EXERCISE DIRECTIONS
Transcribe, with complete accuracy, all of the entries below except for the pictures.

MATERIALS PROVIDED: Begin

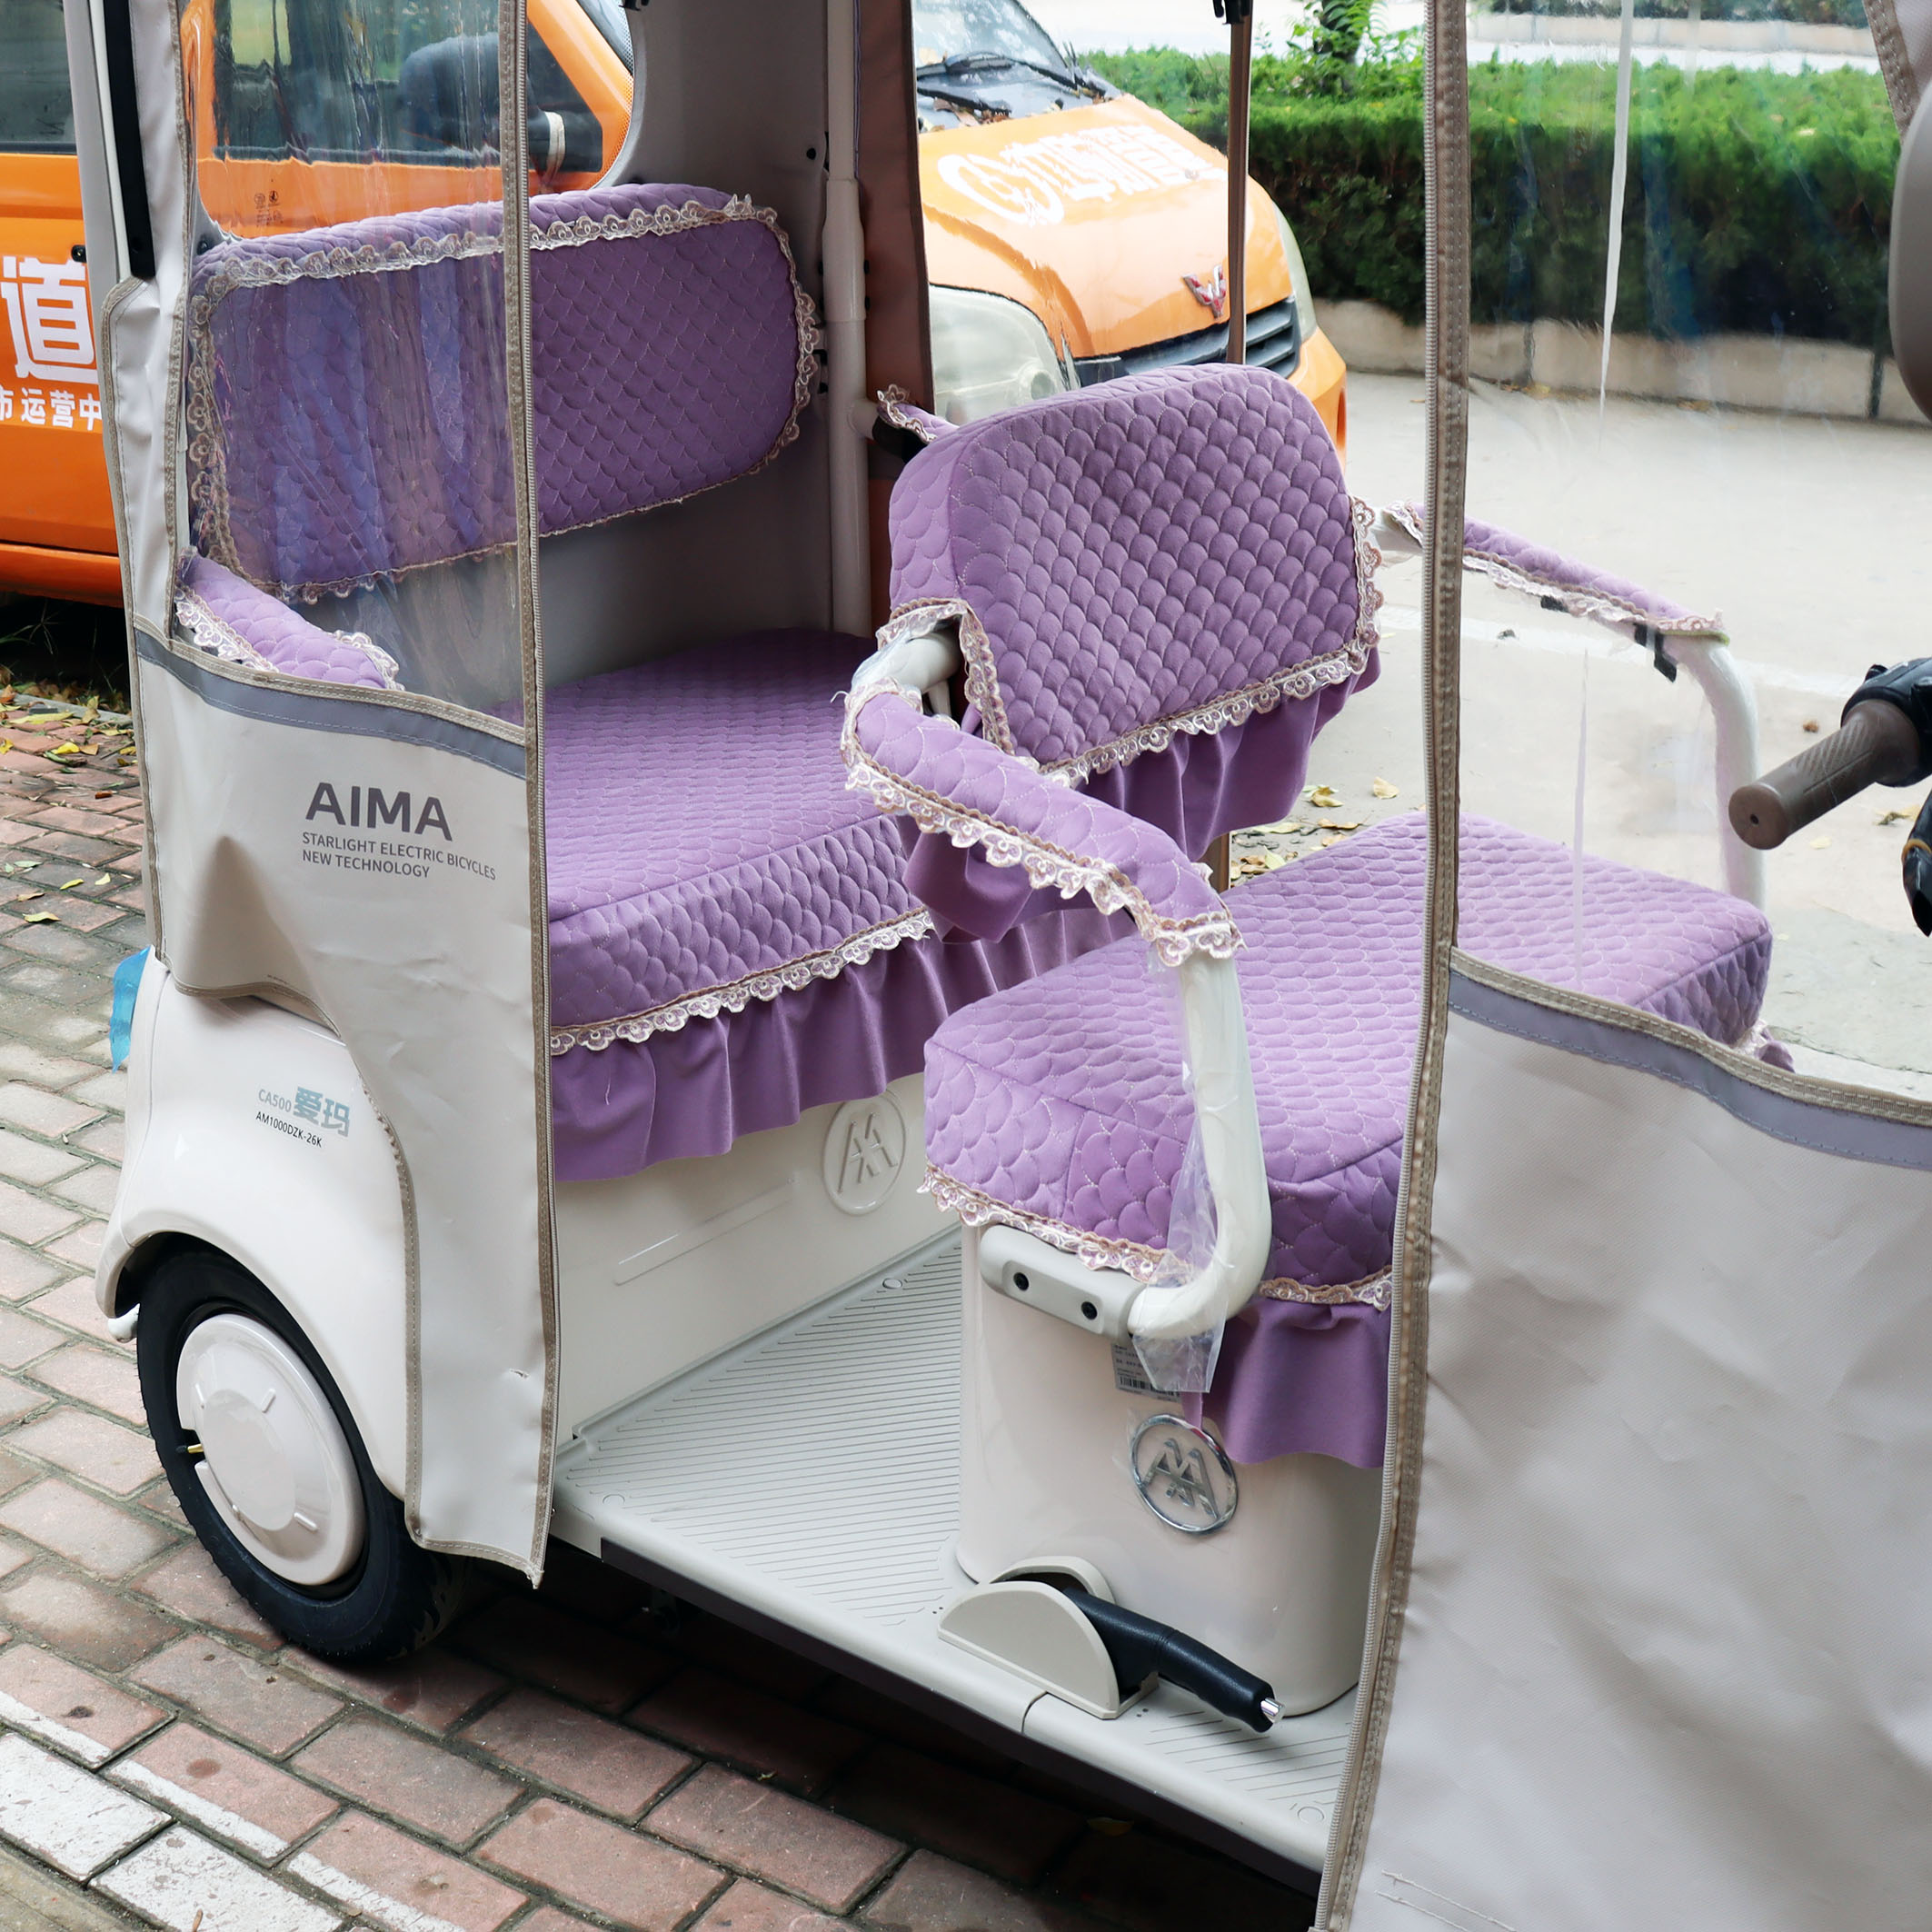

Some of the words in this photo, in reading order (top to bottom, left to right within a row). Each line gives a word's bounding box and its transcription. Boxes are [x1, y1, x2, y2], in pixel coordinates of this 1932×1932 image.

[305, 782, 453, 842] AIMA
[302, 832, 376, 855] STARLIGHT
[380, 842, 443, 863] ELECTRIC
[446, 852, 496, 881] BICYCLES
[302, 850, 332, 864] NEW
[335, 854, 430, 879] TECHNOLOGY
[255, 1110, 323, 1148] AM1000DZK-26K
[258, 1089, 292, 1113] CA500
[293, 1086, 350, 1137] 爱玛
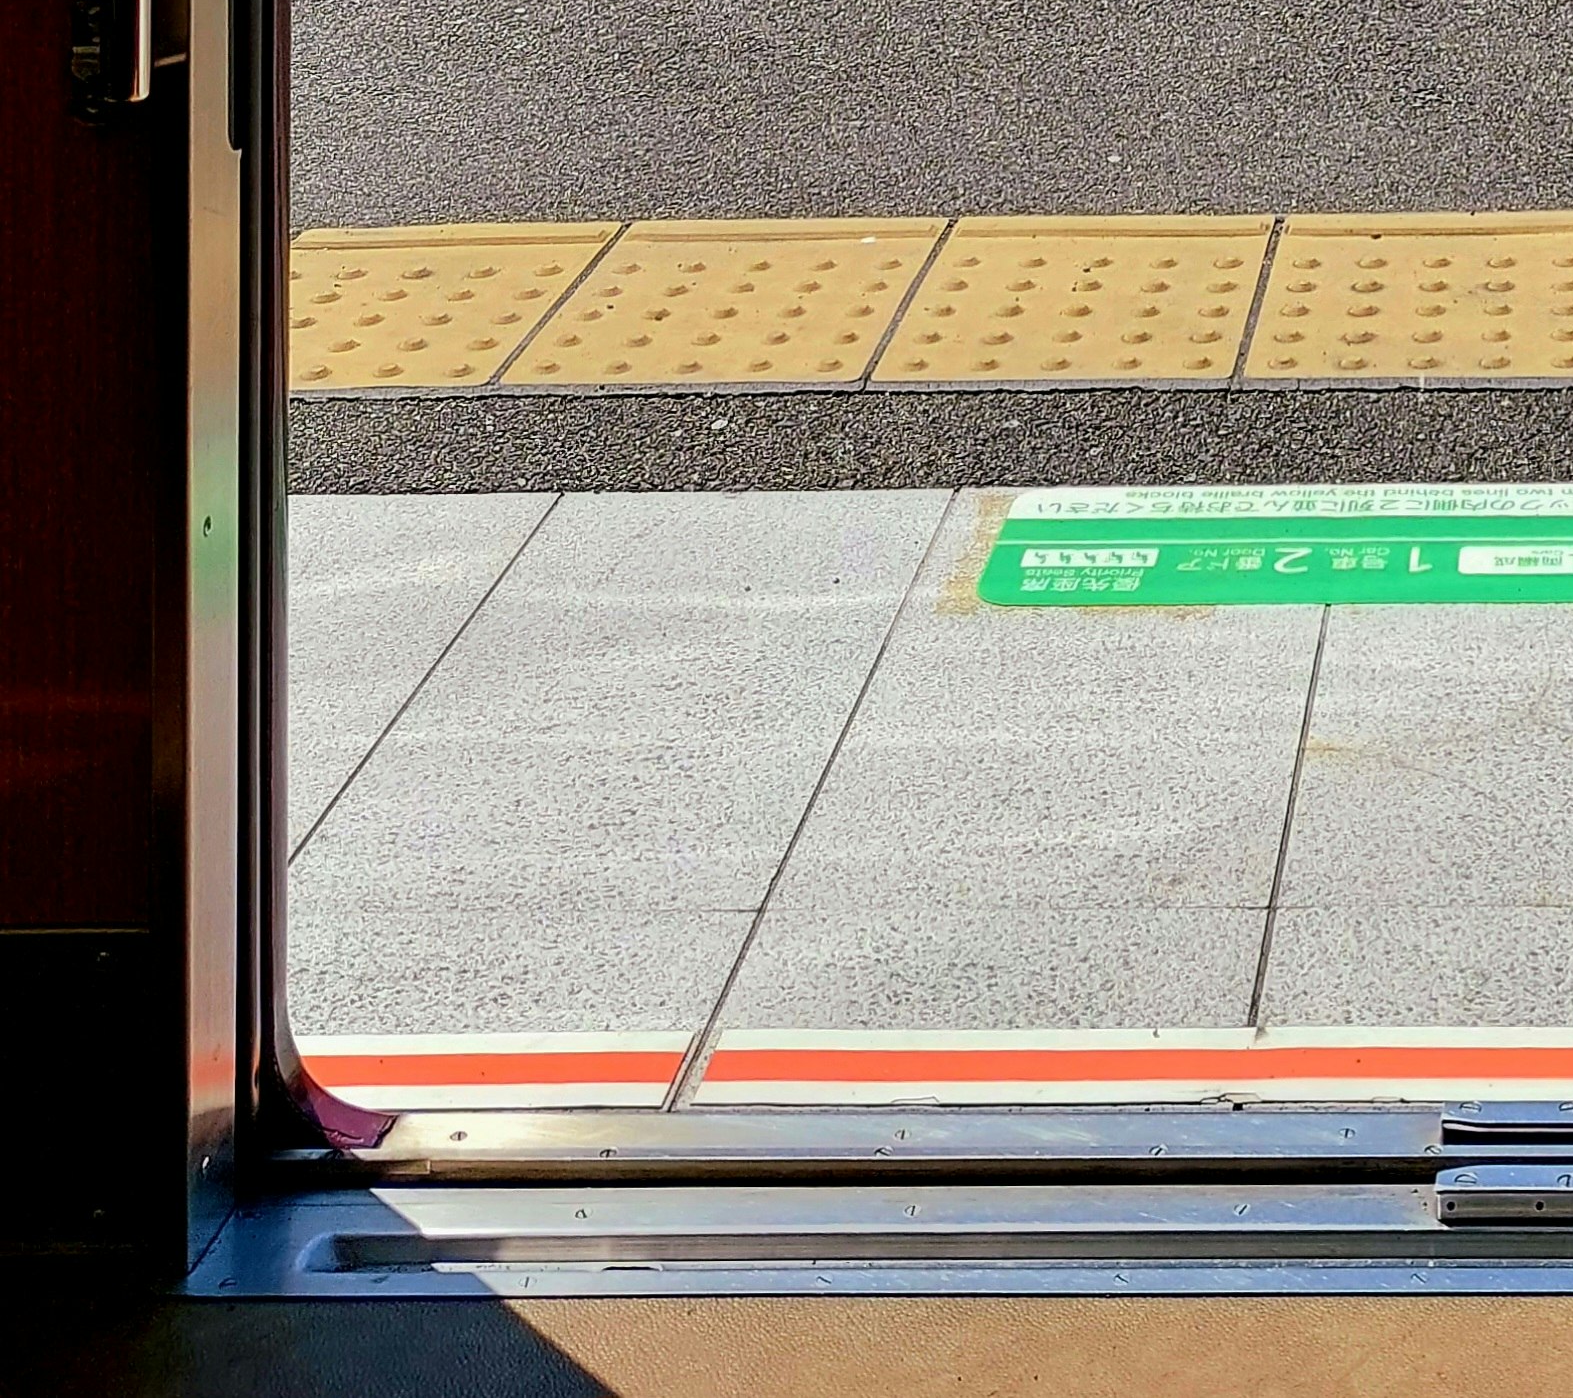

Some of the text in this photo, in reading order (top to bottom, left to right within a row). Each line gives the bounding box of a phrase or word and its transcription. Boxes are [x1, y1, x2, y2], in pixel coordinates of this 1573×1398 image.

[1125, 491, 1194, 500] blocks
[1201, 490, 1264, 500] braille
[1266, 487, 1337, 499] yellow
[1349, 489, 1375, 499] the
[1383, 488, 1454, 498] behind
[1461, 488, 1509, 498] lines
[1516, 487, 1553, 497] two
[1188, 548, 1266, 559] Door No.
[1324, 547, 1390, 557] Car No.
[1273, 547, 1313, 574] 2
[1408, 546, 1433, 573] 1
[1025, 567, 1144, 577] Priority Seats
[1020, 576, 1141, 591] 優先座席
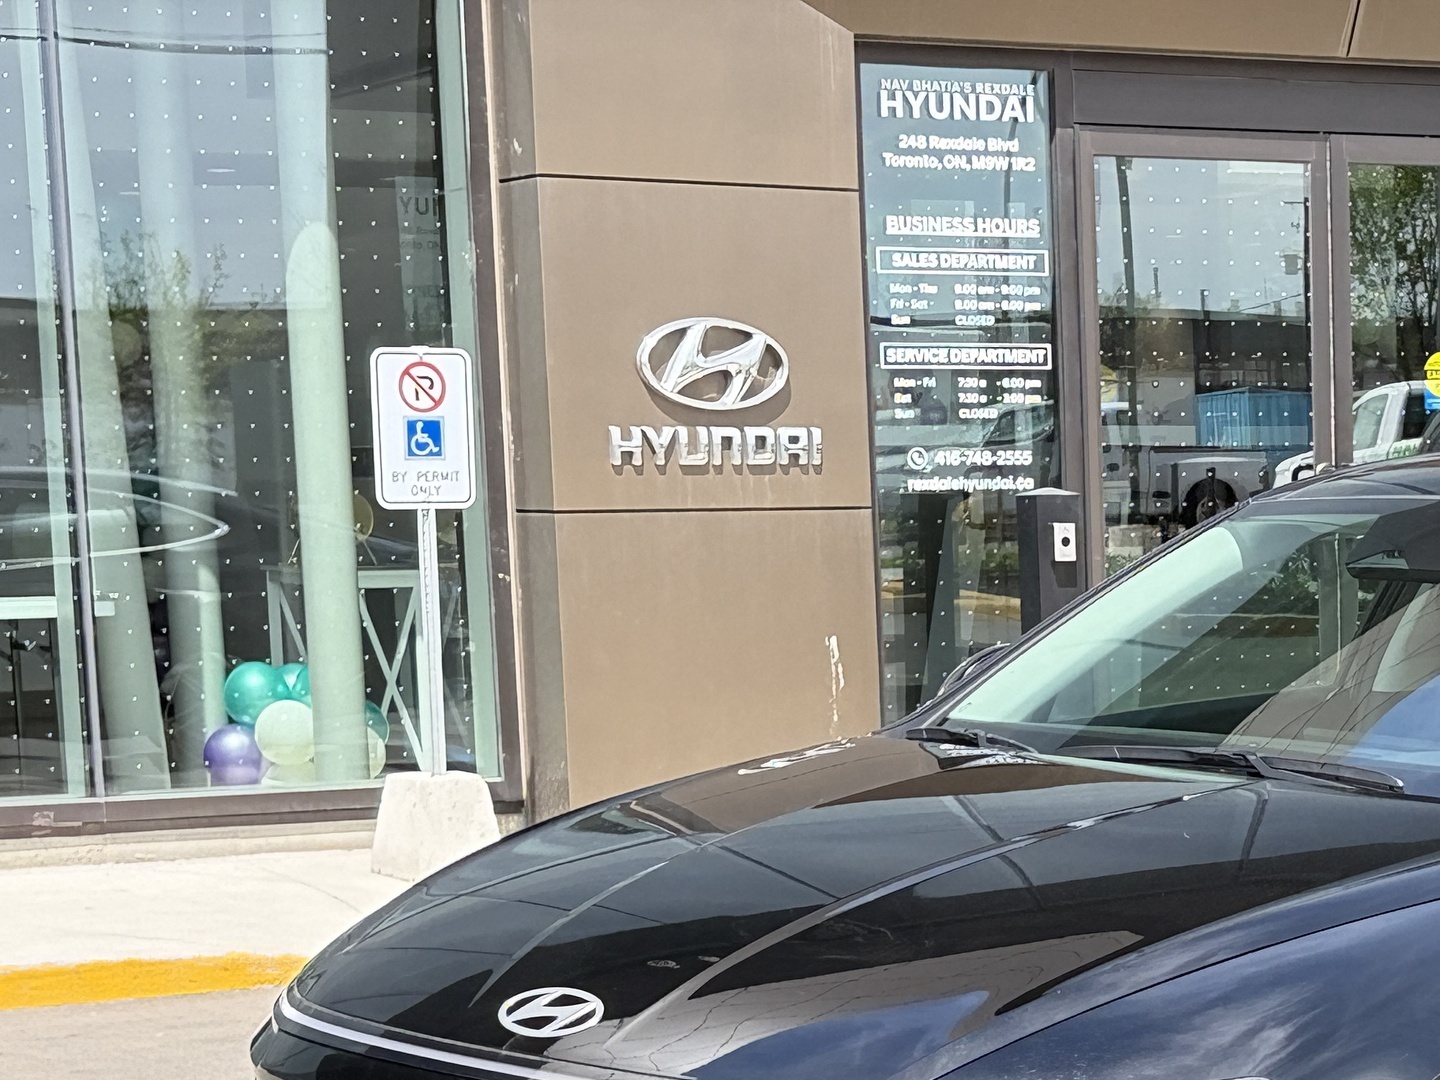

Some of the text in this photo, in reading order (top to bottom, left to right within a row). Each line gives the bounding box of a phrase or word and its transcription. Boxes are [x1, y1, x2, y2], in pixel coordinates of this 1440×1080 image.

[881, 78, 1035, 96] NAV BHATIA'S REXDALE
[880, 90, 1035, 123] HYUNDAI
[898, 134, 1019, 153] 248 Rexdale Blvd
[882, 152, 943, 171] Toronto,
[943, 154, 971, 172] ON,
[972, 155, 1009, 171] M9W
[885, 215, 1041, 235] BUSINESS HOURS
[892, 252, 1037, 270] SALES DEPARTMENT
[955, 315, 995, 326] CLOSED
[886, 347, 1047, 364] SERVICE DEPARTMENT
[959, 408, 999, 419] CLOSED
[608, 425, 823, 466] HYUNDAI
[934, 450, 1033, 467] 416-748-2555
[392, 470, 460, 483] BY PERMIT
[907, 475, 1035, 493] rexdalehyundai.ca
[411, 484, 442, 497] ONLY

MATERIALS PROVIDED: End

ANSWER SPACE
Some of the words in this photo, in reading order (top to bottom, left to right within a row). Each line gives a word's bounding box and its transcription. Boxes are [x1, y1, x2, y2], in pixel coordinates of this 1932×1932 image.

[305, 782, 453, 842] AIMA
[302, 832, 376, 855] STARLIGHT
[380, 842, 443, 863] ELECTRIC
[446, 852, 496, 881] BICYCLES
[302, 850, 332, 864] NEW
[335, 854, 430, 879] TECHNOLOGY
[255, 1110, 323, 1148] AM1000DZK-26K
[258, 1089, 292, 1113] CA500
[293, 1086, 350, 1137] 爱玛

Some of the text in this photo, in reading order (top to bottom, left to right within a row). Each line gives the bounding box of a phrase or word and its transcription. Boxes are [x1, y1, x2, y2], in pixel coordinates of this 1573×1398 image.

[1125, 491, 1194, 500] blocks
[1201, 490, 1264, 500] braille
[1266, 487, 1337, 499] yellow
[1349, 489, 1375, 499] the
[1383, 488, 1454, 498] behind
[1461, 488, 1509, 498] lines
[1516, 487, 1553, 497] two
[1188, 548, 1266, 559] Door No.
[1324, 547, 1390, 557] Car No.
[1273, 547, 1313, 574] 2
[1408, 546, 1433, 573] 1
[1025, 567, 1144, 577] Priority Seats
[1020, 576, 1141, 591] 優先座席

Some of the text in this photo, in reading order (top to bottom, left to right within a row). Each line gives the bounding box of a phrase or word and its transcription. Boxes are [x1, y1, x2, y2], in pixel coordinates of this 1440×1080 image.

[881, 78, 1035, 96] NAV BHATIA'S REXDALE
[880, 90, 1035, 123] HYUNDAI
[898, 134, 1019, 153] 248 Rexdale Blvd
[882, 152, 943, 171] Toronto,
[943, 154, 971, 172] ON,
[972, 155, 1009, 171] M9W
[885, 215, 1041, 235] BUSINESS HOURS
[892, 252, 1037, 270] SALES DEPARTMENT
[955, 315, 995, 326] CLOSED
[886, 347, 1047, 364] SERVICE DEPARTMENT
[959, 408, 999, 419] CLOSED
[608, 425, 823, 466] HYUNDAI
[934, 450, 1033, 467] 416-748-2555
[392, 470, 460, 483] BY PERMIT
[907, 475, 1035, 493] rexdalehyundai.ca
[411, 484, 442, 497] ONLY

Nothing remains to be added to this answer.